If I could answer this sort of question, I’d be a professor rather than a librarian. And in any case, I shouldn’t want to. It’s a thing you don’t want to think about. It happens, or happened, and if it’s some thing to be grateful for, you’re grateful.

I remember saying once, I can’t understand these chaps who go round American universities explaining how they write poems; it’s like going round explaining how you sleep with your wife. Whoever I was talking to said, They’d do that, too, if their agents could fix it.

James Baldwin on being a prophetic writer

I don’t try to be prophetic, as I don’t sit down to write literature. It is simply this: a writer has to take all the risks of putting down what he sees. No one can tell him about that. No one can control that reality. It reminds me of something Pablo Picasso was supposed to have said to Gertrude Stein while he was painting her portrait. Gertrude said, I don’t look like that. And Picasso replied, You will. And he was right.

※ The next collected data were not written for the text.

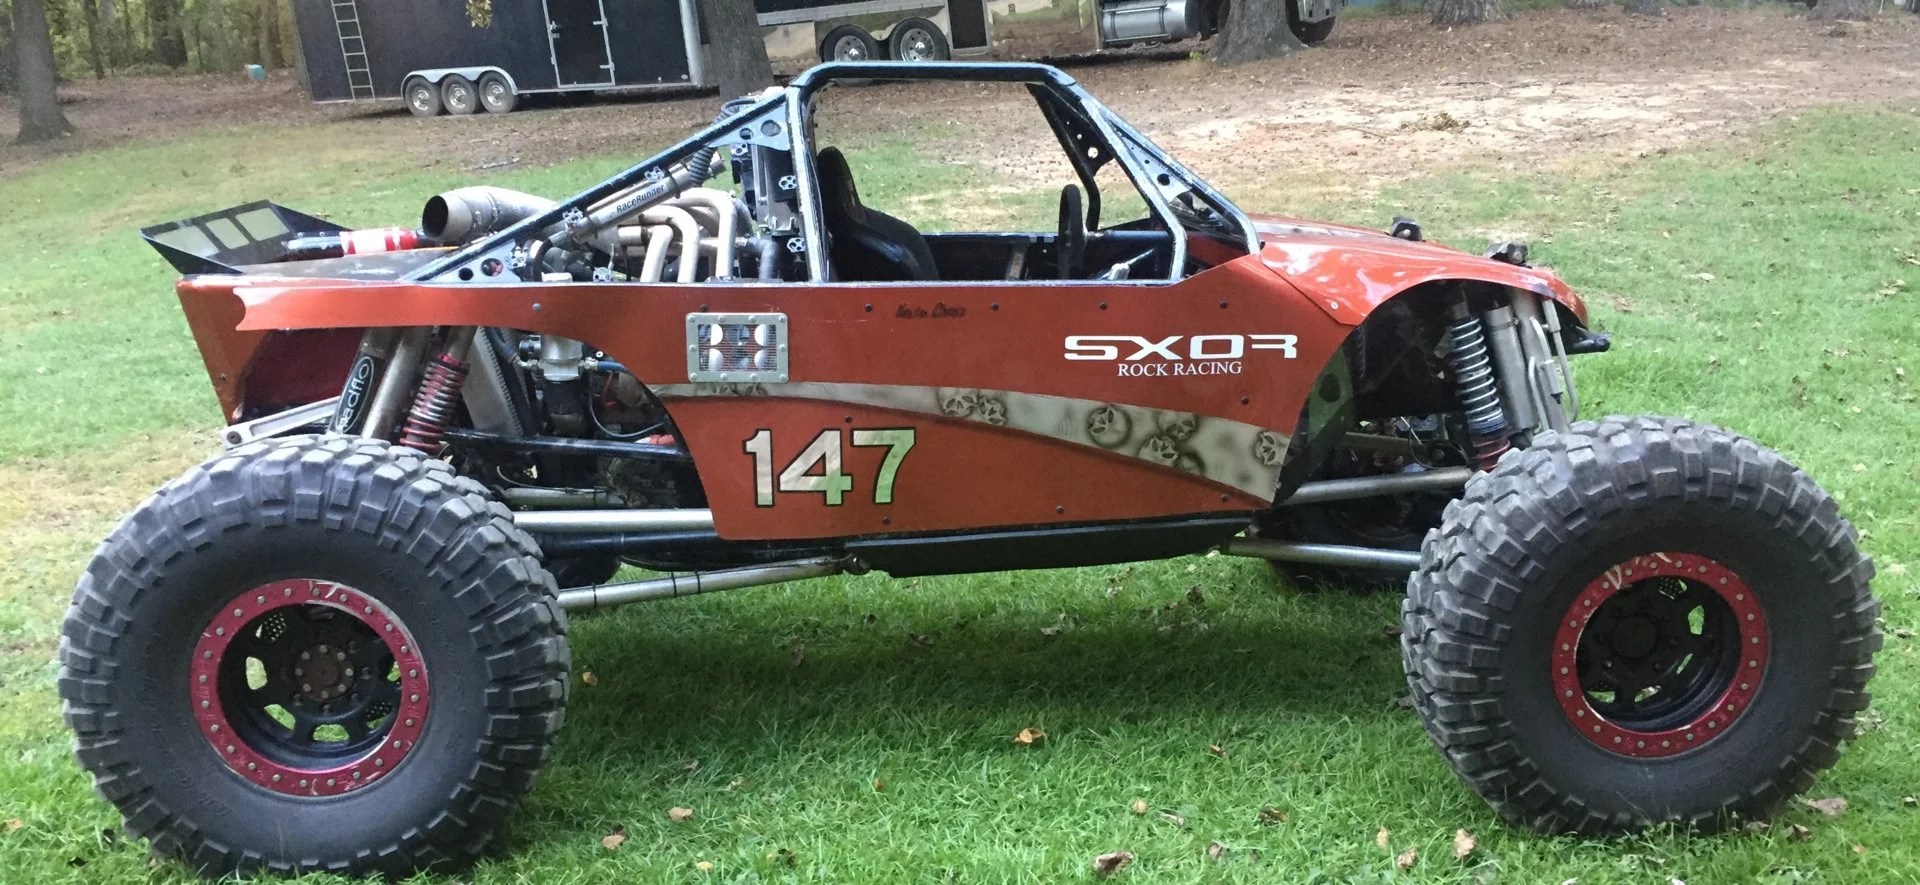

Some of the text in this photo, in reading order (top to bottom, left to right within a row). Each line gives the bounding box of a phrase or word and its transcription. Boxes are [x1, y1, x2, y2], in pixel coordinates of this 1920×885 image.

[616, 184, 665, 214] RaceRunner
[1064, 334, 1298, 361] SXOR
[1117, 361, 1243, 377] ROCK RACING
[742, 427, 917, 507] 147
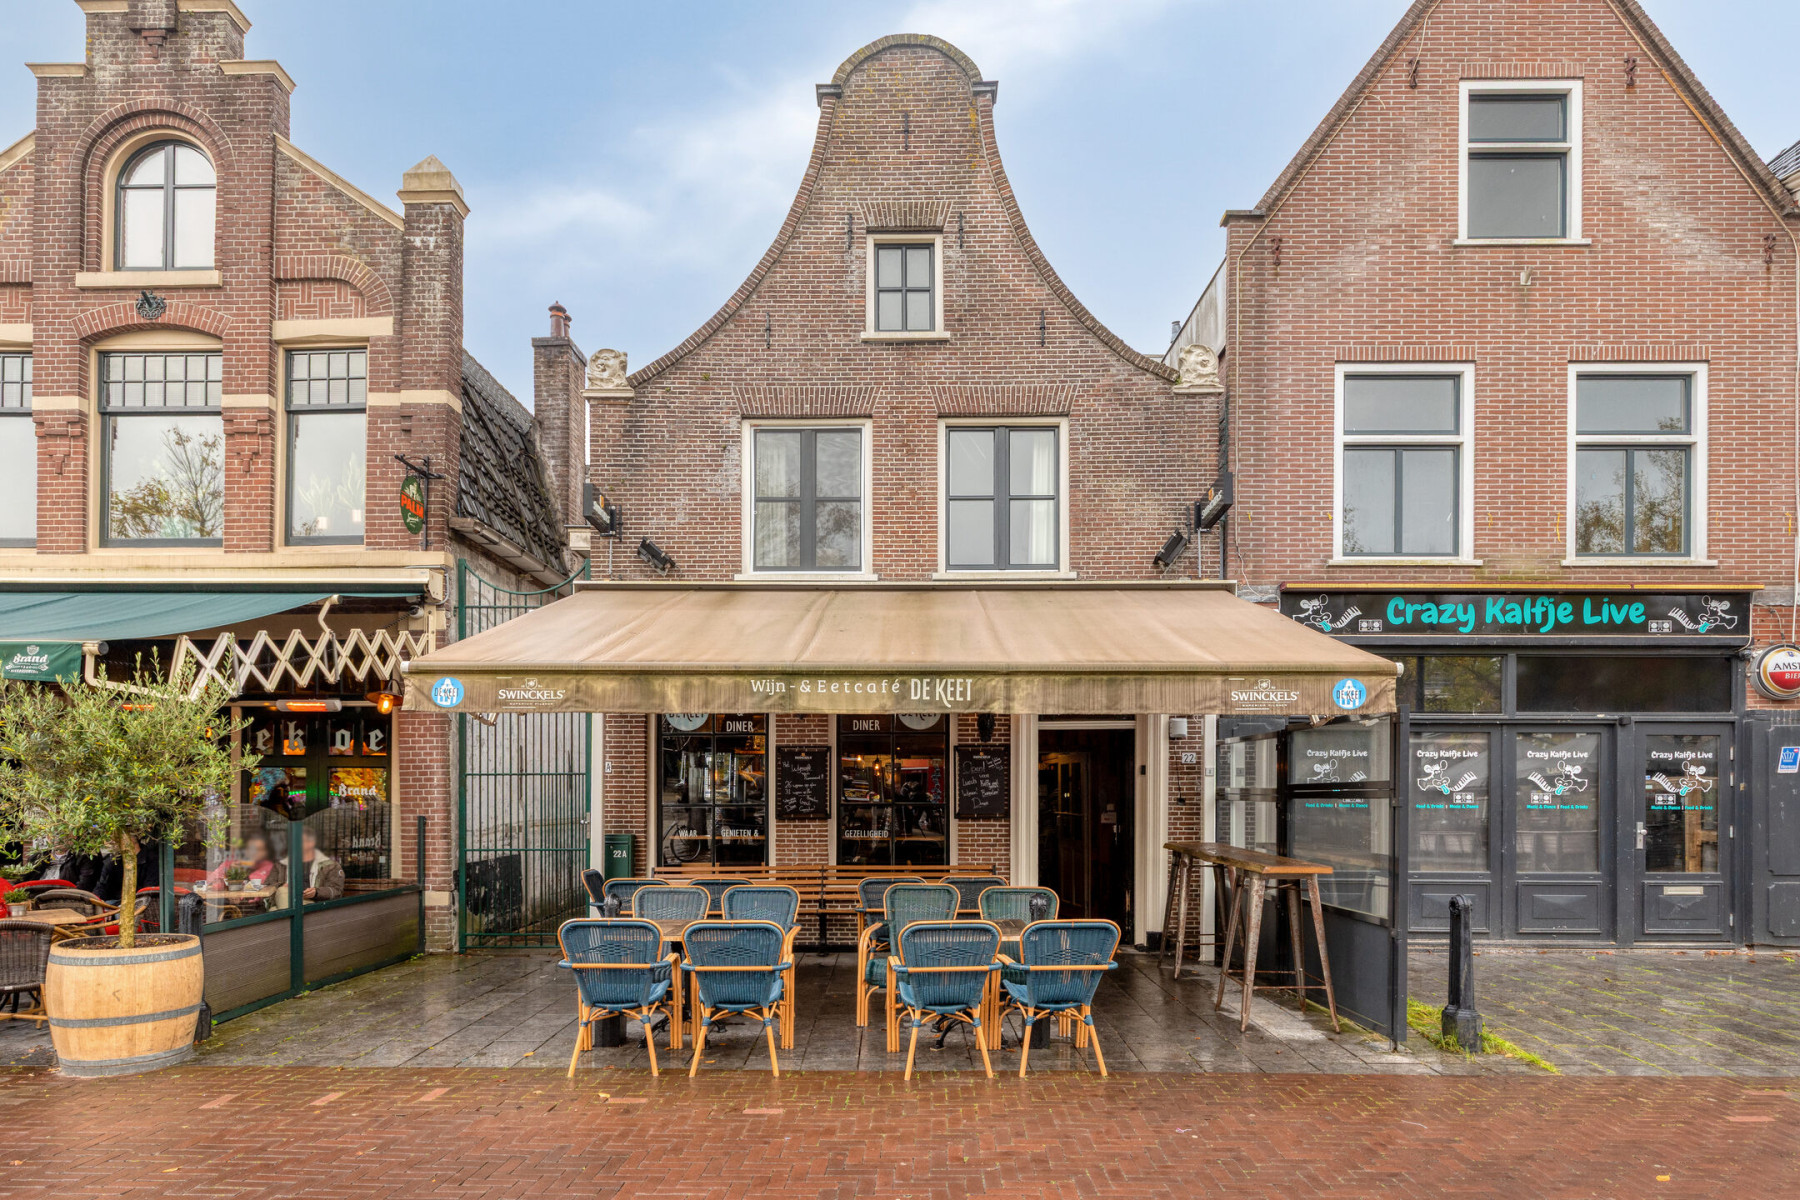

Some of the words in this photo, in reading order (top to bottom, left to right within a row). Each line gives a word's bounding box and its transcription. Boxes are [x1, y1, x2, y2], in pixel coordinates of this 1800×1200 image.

James Thurber on the difference between English & American humor

Well someone once wrote a definition of the difference between English and American humor. I wish I could remember his name. I thought his definition very good. He said that the English treat the commonplace as if it were remarkable and the Americans treat the remarkable as if it were commonplace. I believe that’s true of humorous writing. Years ago we did a parody of Punch in which Benchley did a short piece depicting a wife bursting into a room and shouting, “The primroses are in bloom!”–treating the commonplace as remarkable, you see. In “The Secret Life of Walter Mitty” I tried to treat the remarkable as commonplace.

again from Son of the Morning Star: Custer and the Little Bighorn by Evan S. Connell: on what was a good Indian

Montana Congressman James Cavanaugh spoke for most Americans of that period: “I have never seen in my life a good Indian. . .except when I have seen a dead Indian.”

General Sheridan boiled it down. After listening to the Penateka-Comanche chief Tosawi–Silver Brooch–allude to himself as a good Indian, Little Phil observed: “The only good Indians I ever saw were dead.” And the collective American unconscious gradually reduced Sheridan’s remark to that celebrated epigram: The only good Indian is a dead Indian.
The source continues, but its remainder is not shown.